Por Recpsur
Francisco Toloza, vocero de Voces de Paz en la Cámara de Representantes, explicó cómo será beneficiado el Caquetá con la reforma política que se está planteando conforme a los Acuerdos de La Habana.
Uno de los voceros de Voces de Paz, el movimiento ciudadano que está pendiente en el poder legislativo de la implementación de los Acuerdos de La Habana, conversó con los caqueteños sobre los cambios que supondrá en lo político las reformas que surjan a partir de lo negociado entre el gobierno y las Farc. El vocero explicó, por ejemplo, que el Caquetá ampliaría el número de sus representantes, en una lógica distinta a la actual, en la que clientelas liberales y conservadoras se disputan el poder político.
¿Qué vendría para el Caquetá en temas políticos con las reformas que avanzan en el Congreso, en el marco de la implementación de los Acuerdos de La Habana?

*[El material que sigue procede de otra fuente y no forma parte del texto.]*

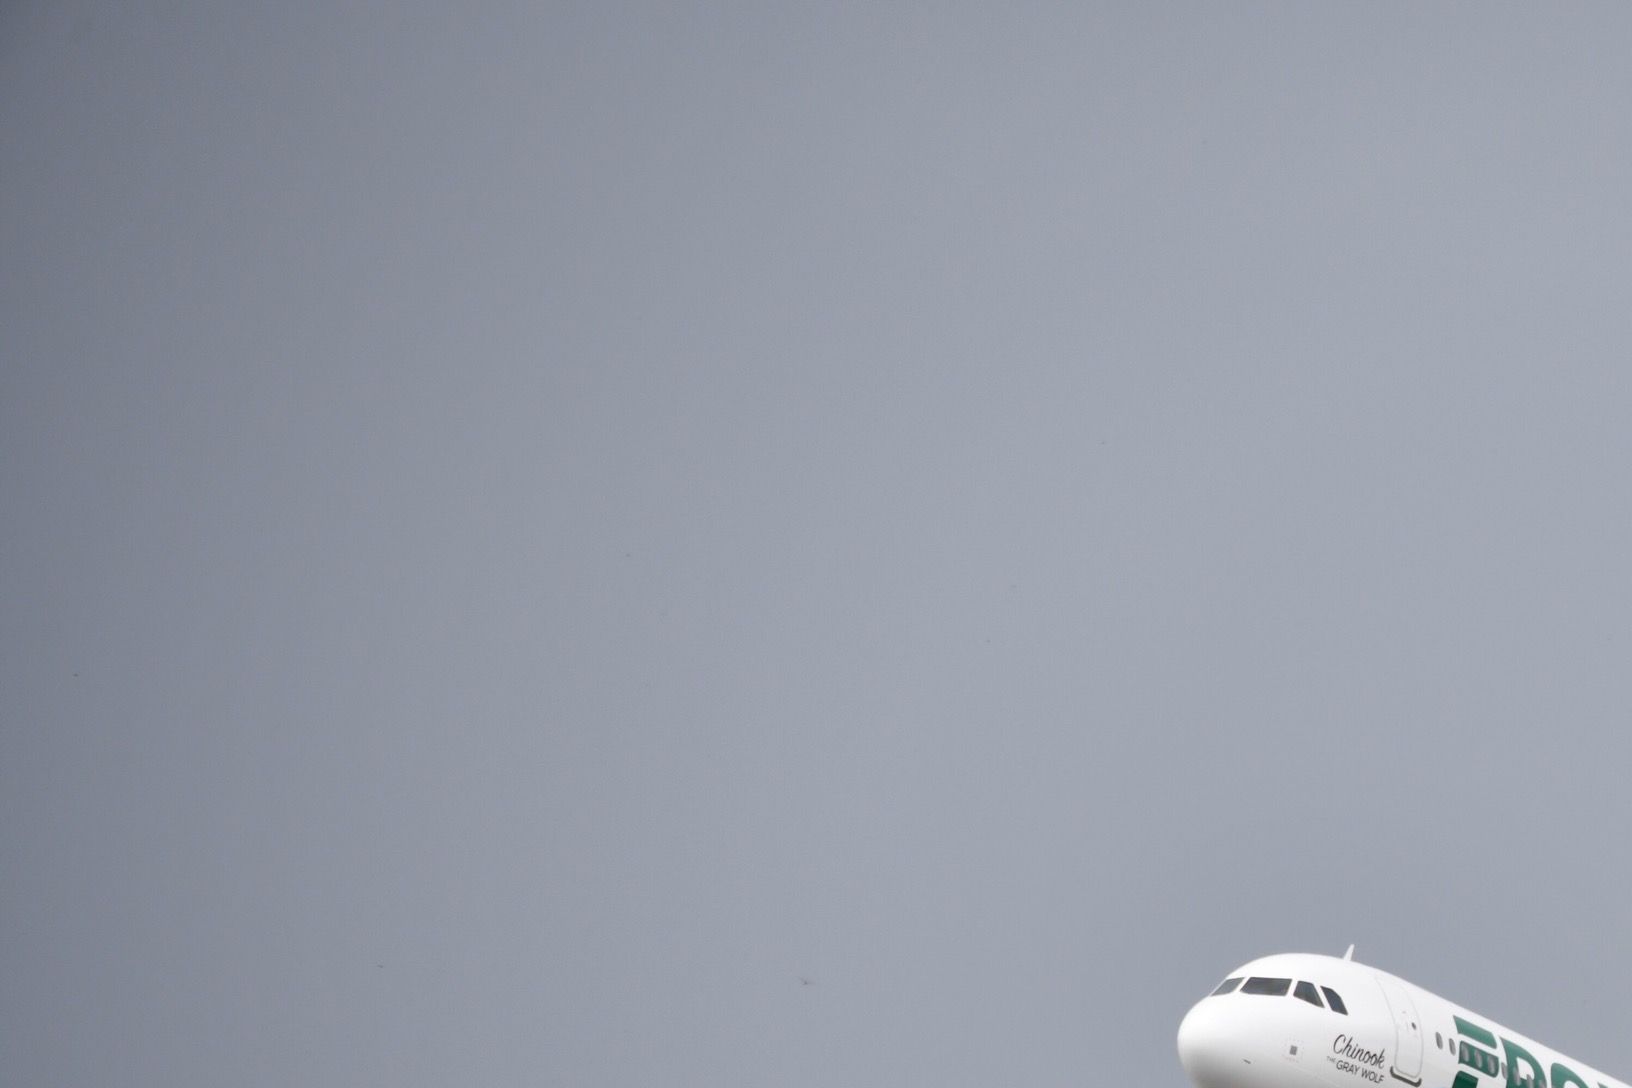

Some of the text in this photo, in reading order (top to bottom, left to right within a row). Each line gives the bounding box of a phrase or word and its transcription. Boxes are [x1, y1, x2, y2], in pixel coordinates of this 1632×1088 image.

Un departamento como el Caquetá que ha sufrido la guerra, tiene que ser beneficiario protagónico de la paz. El esfuerzo de Voces de Paz es para que en la implementación legislativa de los Acuerdos sea considerado el departamento de Caquetá. El Acuerdo contempla todo un punto de participación política y todas las medidas del punto de participación política son de aplicación universal. Una de las medidas es la reforma electoral. Dentro de la propuesta de la misión electoral especial, se plantea el aumento de curules para el departamento de Caquetá sin excluir a ningún municipio, desde un sistema que se denomina Distritos Uninominales, que lo que hace es dividir al departamento para que las provincias del departamento tengan cada una un representante a la cámara. Es una primera reforma planteada por la misión, esperemos a ver cómo queda en este debate con los partidos políticos, nosotros desde Voces de Paz apoyamos la ampliación de congresistas para el Caquetá.

¿Esta propuesta se diferencia a la de las circunscripciones especiales?
Otra cosa es la propuesta de circunscripciones transitorias especiales de paz, donde se define que todo el Caquetá, más el municipio de Algeciras (Huila), van a hacer parte de una zona priorizada, y por lo tanto van a elegir un representante a la cámara adicional, aparte de los dos actuales o de los posibles tres que supone la reforma política. Y este adicional es especial porque no es para partidos políticos sino para movimientos sociales y comunidades marginadas. La definición que se asumió es que las ciudades con un potencial de votación mayor a los 50 mil electores, su casco urbano queda excluido de esta elección especial, no del resto de elecciones. Por ejemplo, un habitante de Montañita, va a poder votar por su circunscripción ordinaria, por la que ha votado toda la vida y por un dirigente social del Caquetá para que esté en la Cámara de Representantes y que no pertenezca a ningún partido.
Esto supone sin dudas un golpe para las clientelas…
Hay un debate profundo con el presidente del congreso, Mauricio Lizcano, quien se opone a cualquier reforma política. Es que los que han ganado con estas reglas amañadas no quieren que se las cambien. La reforma aspira a ampliar la participación, no a excluir. Efectivamente golpea a las clientelas políticas, con propuestas revolucionarias como la financiación estatal a las campañas, la prohibición de la financiación privada, que eso va para las especiales. Por ejemplo, la instauración de lista cerrada. Pensar en burlar la reforma política es hacerle conejo al Acuerdo de La Habana.
Dicen los del Centro Democrático que son curules para las Farc, algo que es falso si leemos los Acuerdos. ¿Qué responderles a estos comentarios?
El Centro Democrático votó en contra del Estatuto de la oposición y va a ser beneficiado. Vamos a ver si rechaza el cinco por ciento adicional de presupuesto por ser partido de oposición. Ellos se benefician también del Acuerdo de Paz. En el caso de las especiales, dice claramente el Acuerdo que no son curules para las Farc, muy seguramente va a haber dirigentes sociales, de víctimas incluso, que sean afines al uribismo que se van a lanzar y eso no está prohibido.